● Exercise instructions: Without the pictures, copy the entries below word for word.
(Entries shown Opens)
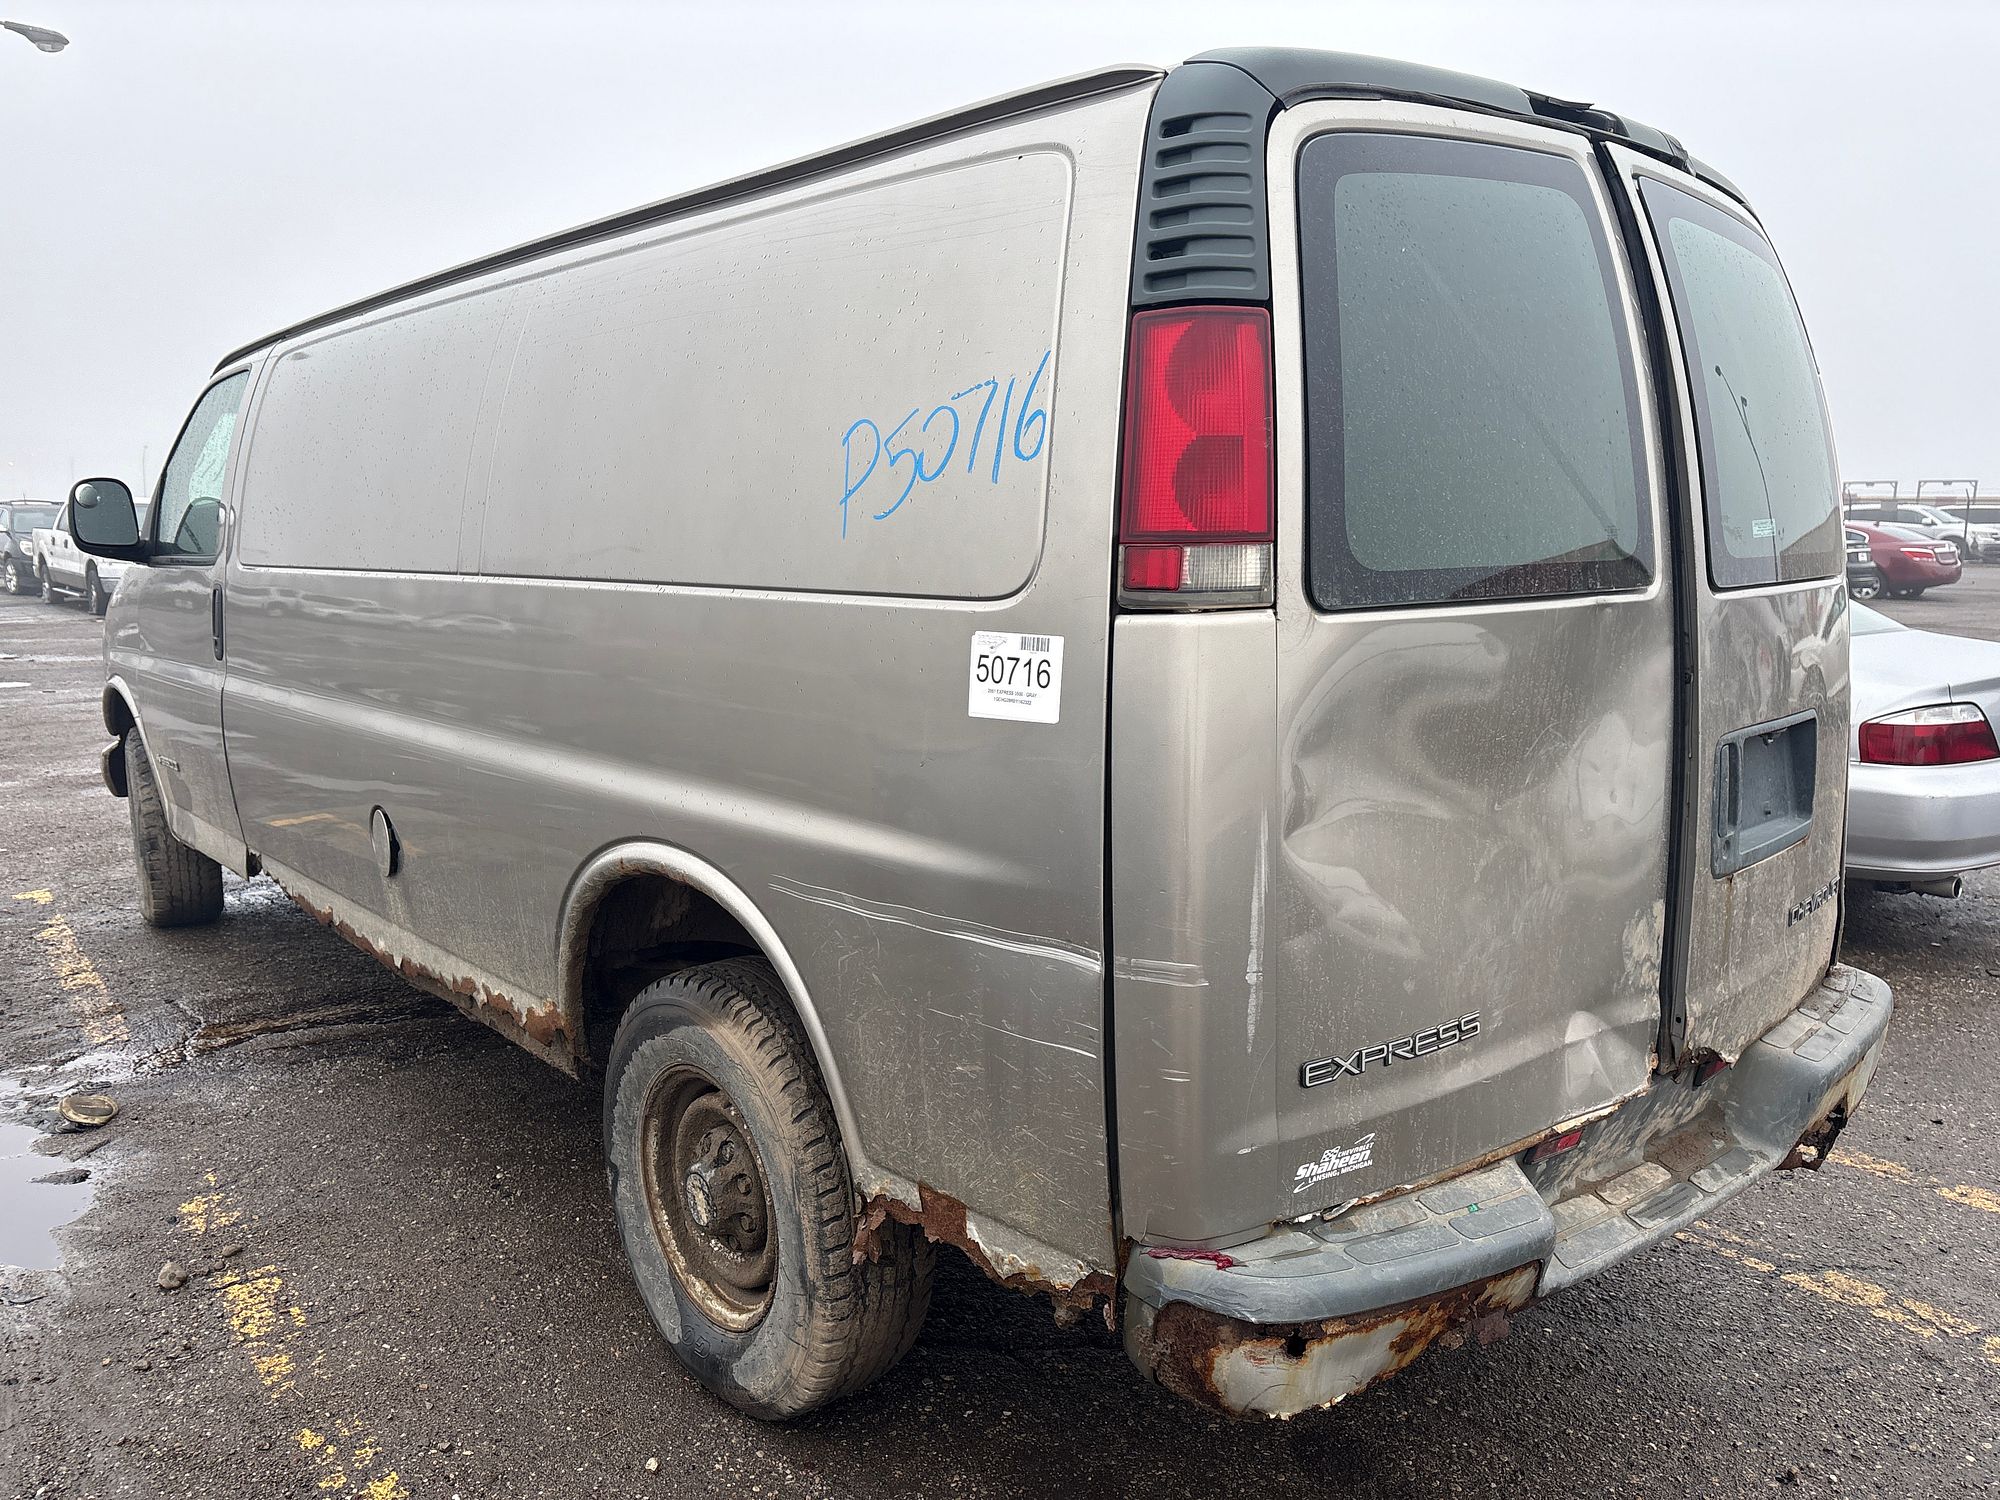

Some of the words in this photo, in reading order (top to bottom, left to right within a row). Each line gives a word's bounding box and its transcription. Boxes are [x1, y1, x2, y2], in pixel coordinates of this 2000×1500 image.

[839, 350, 1052, 540] P50716
[976, 654, 1051, 689] 50716
[1299, 1010, 1481, 1089] EXPRESS
[1294, 1149, 1372, 1181] Shaheen
[1338, 1142, 1375, 1158] CHEVROLET
[1308, 1169, 1340, 1184] LANSING,
[1340, 1159, 1373, 1175] MICHIGAN
(Entries shown Closes)
● Completed exercise:
Some of the words in this photo, in reading order (top to bottom, left to right within a row). Each line gives a word's bounding box and its transcription. Boxes are [x1, y1, x2, y2], in pixel coordinates of this 2000×1500 image.

[839, 350, 1052, 540] P50716
[976, 654, 1051, 689] 50716
[1299, 1010, 1481, 1089] EXPRESS
[1294, 1149, 1372, 1181] Shaheen
[1338, 1142, 1375, 1158] CHEVROLET
[1308, 1169, 1340, 1184] LANSING,
[1340, 1159, 1373, 1175] MICHIGAN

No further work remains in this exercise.